Description of the task
Starting from the line containing "Some of the words", give again every line through the end of the entries, word for word. Pictures stay out of the copy.

Task input
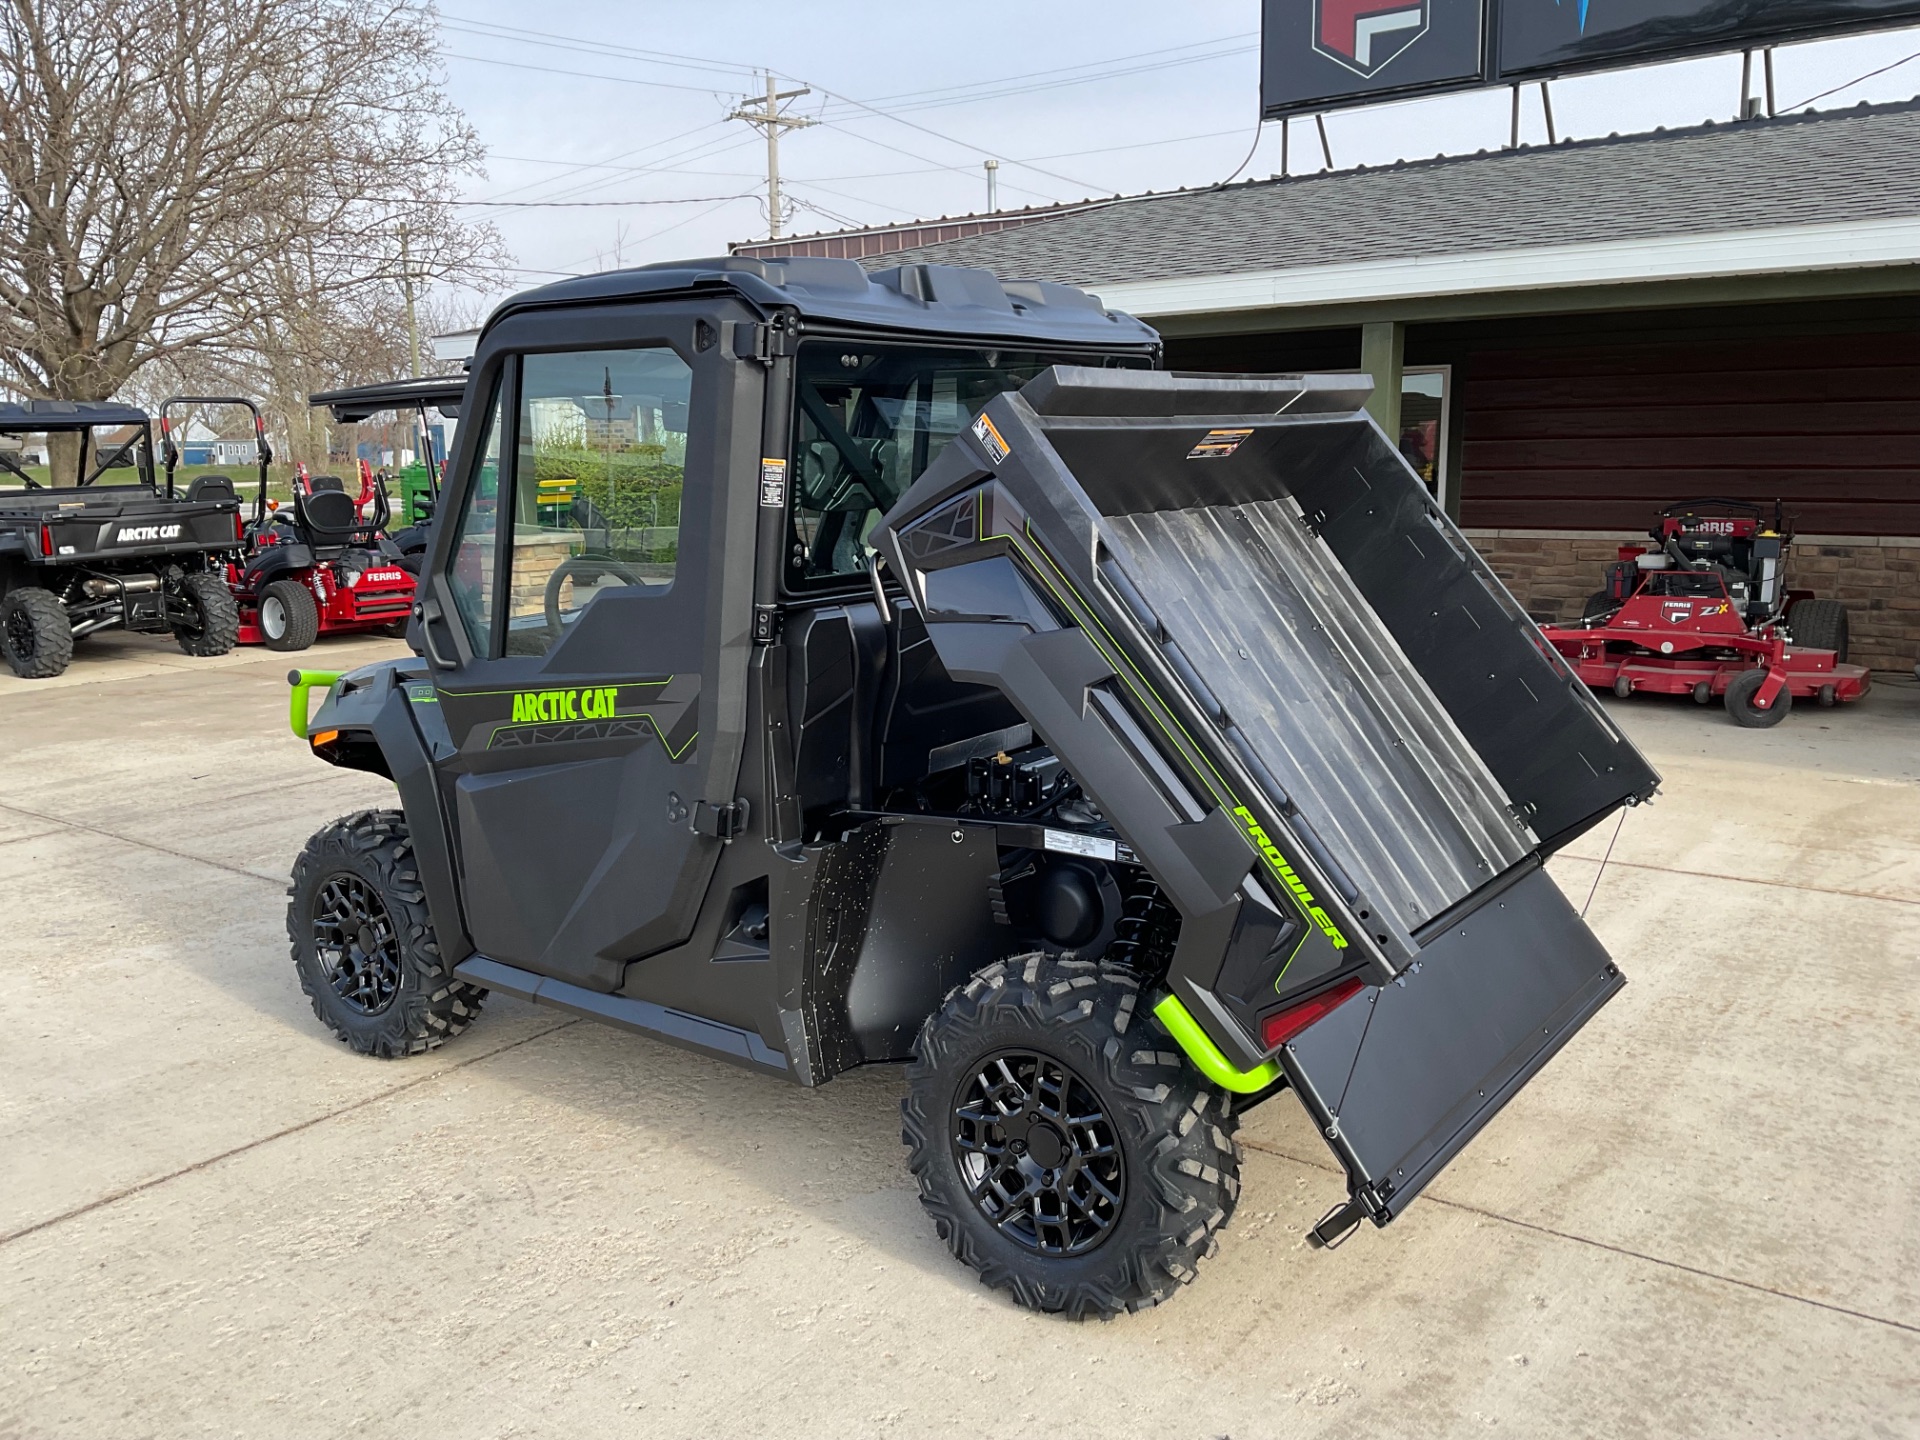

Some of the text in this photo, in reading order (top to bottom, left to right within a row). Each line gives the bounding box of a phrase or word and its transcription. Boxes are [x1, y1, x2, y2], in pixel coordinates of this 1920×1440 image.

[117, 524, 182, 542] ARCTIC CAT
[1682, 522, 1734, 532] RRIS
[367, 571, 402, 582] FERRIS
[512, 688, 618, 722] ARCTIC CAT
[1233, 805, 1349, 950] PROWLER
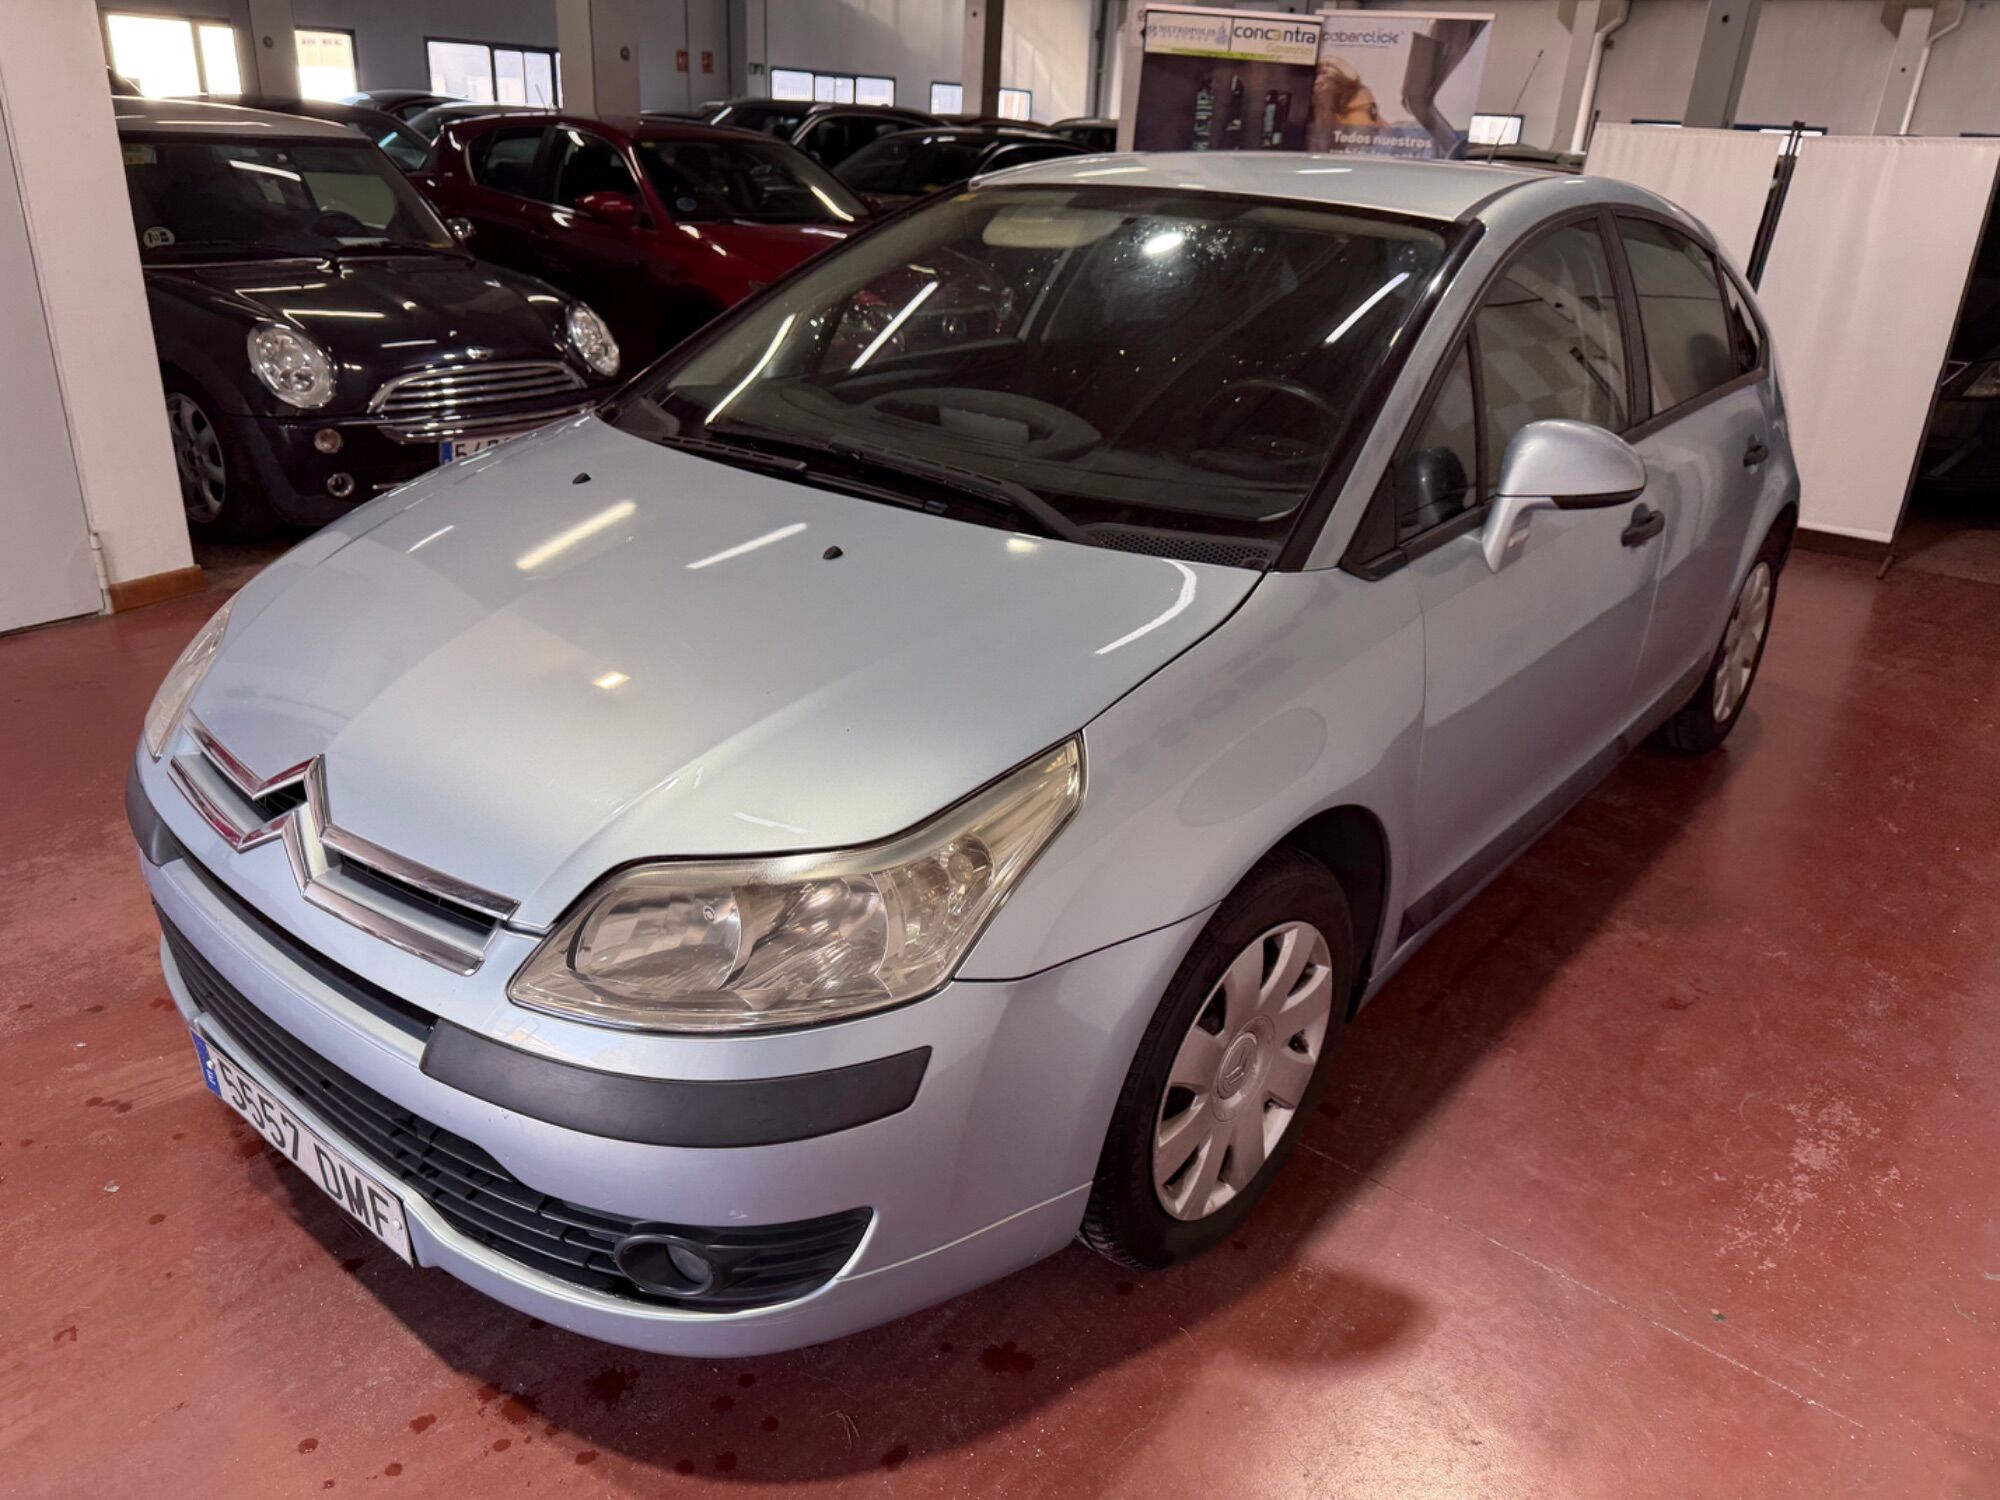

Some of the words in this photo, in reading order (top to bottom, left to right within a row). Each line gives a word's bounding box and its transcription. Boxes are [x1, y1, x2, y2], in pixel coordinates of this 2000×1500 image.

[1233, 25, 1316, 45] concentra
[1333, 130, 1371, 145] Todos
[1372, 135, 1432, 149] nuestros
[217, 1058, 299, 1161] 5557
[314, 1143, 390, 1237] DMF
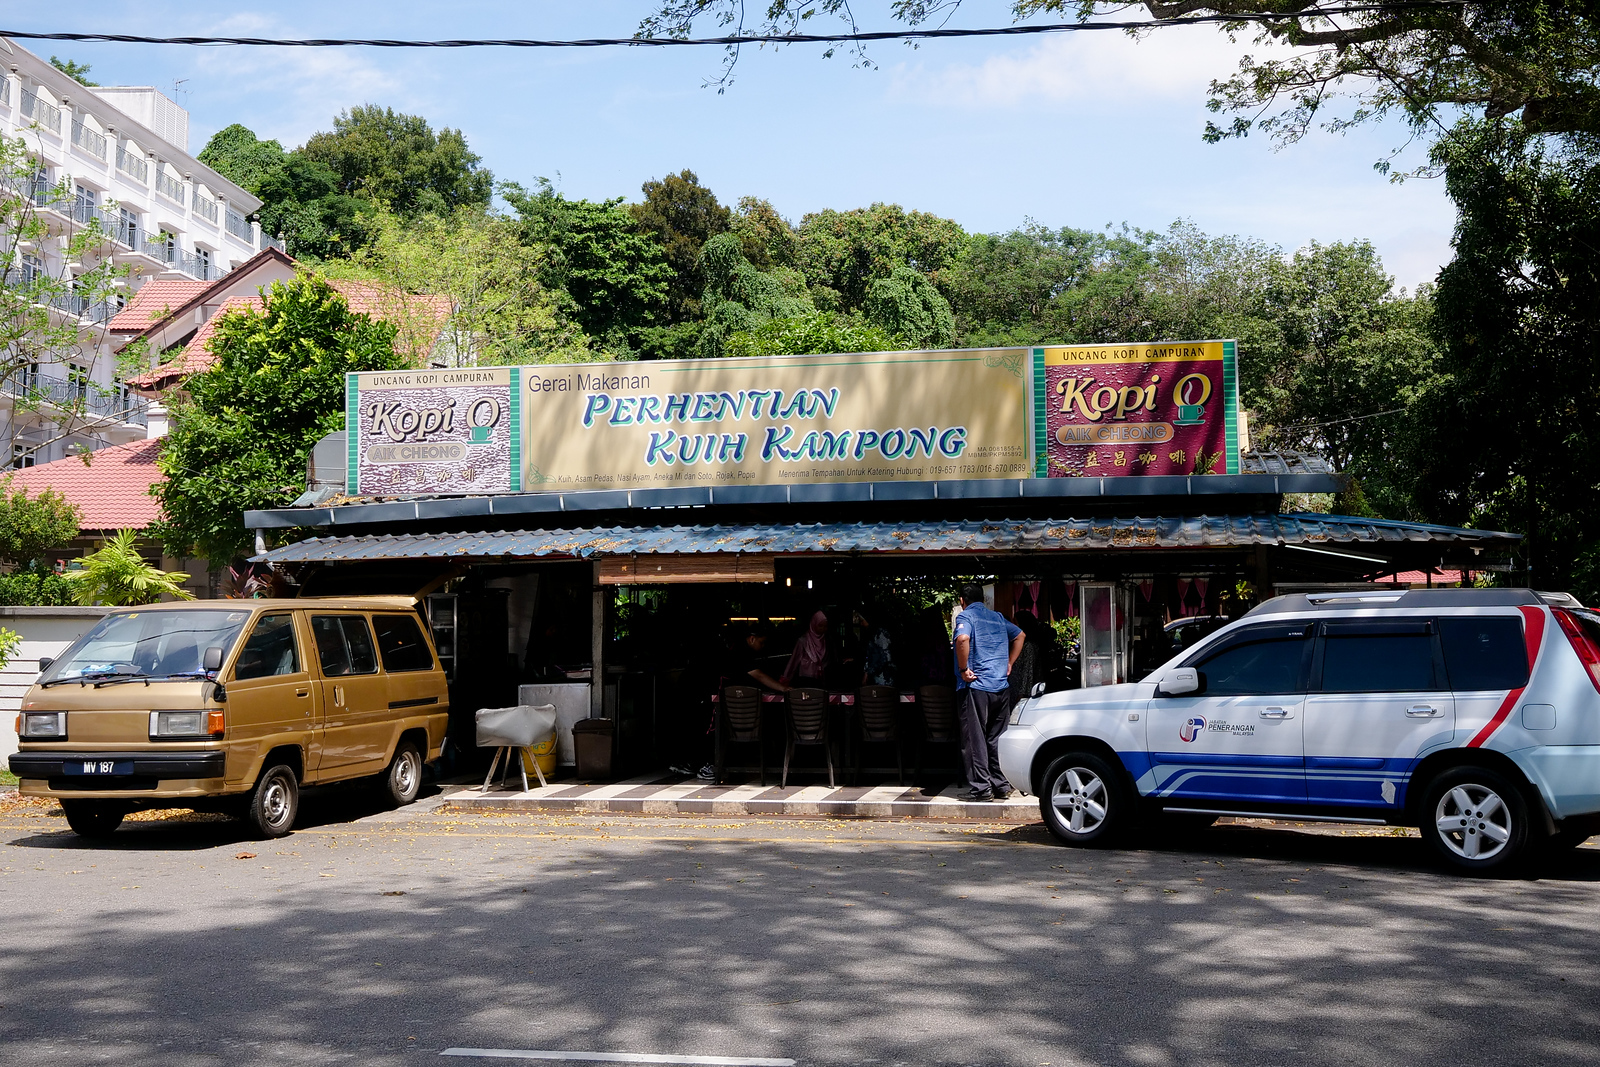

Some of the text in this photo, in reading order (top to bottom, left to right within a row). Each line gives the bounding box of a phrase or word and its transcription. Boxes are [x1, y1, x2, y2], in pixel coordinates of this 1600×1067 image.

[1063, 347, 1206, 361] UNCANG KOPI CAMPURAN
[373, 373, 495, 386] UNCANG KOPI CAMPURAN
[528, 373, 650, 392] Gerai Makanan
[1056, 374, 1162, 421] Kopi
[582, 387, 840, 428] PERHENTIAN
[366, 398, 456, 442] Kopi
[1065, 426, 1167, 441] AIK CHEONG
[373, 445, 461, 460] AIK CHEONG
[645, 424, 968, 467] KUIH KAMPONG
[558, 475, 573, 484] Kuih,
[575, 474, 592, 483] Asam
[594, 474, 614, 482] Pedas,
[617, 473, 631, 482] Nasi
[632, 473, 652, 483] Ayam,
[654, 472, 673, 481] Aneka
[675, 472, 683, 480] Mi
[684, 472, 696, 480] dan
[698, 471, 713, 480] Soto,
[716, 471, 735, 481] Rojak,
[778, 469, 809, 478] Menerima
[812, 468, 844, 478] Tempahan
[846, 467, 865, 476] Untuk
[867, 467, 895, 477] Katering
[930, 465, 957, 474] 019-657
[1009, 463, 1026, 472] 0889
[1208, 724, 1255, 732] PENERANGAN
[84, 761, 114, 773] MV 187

Result of the exercise
Some of the words in this photo, in reading order (top to bottom, left to right within a row). Each line gives a word's bounding box and its transcription. Boxes are [x1, y1, x2, y2], in pixel coordinates of this 2000×1500 image.

[1233, 25, 1316, 45] concentra
[1333, 130, 1371, 145] Todos
[1372, 135, 1432, 149] nuestros
[217, 1058, 299, 1161] 5557
[314, 1143, 390, 1237] DMF

Some of the text in this photo, in reading order (top to bottom, left to right within a row). Each line gives the bounding box of a phrase or word and its transcription. Boxes are [x1, y1, x2, y2], in pixel coordinates of this 1600×1067 image.

[1063, 347, 1206, 361] UNCANG KOPI CAMPURAN
[373, 373, 495, 386] UNCANG KOPI CAMPURAN
[528, 373, 650, 392] Gerai Makanan
[1056, 374, 1162, 421] Kopi
[582, 387, 840, 428] PERHENTIAN
[366, 398, 456, 442] Kopi
[1065, 426, 1167, 441] AIK CHEONG
[373, 445, 461, 460] AIK CHEONG
[645, 424, 968, 467] KUIH KAMPONG
[558, 475, 573, 484] Kuih,
[575, 474, 592, 483] Asam
[594, 474, 614, 482] Pedas,
[617, 473, 631, 482] Nasi
[632, 473, 652, 483] Ayam,
[654, 472, 673, 481] Aneka
[675, 472, 683, 480] Mi
[684, 472, 696, 480] dan
[698, 471, 713, 480] Soto,
[716, 471, 735, 481] Rojak,
[778, 469, 809, 478] Menerima
[812, 468, 844, 478] Tempahan
[846, 467, 865, 476] Untuk
[867, 467, 895, 477] Katering
[930, 465, 957, 474] 019-657
[1009, 463, 1026, 472] 0889
[1208, 724, 1255, 732] PENERANGAN
[84, 761, 114, 773] MV 187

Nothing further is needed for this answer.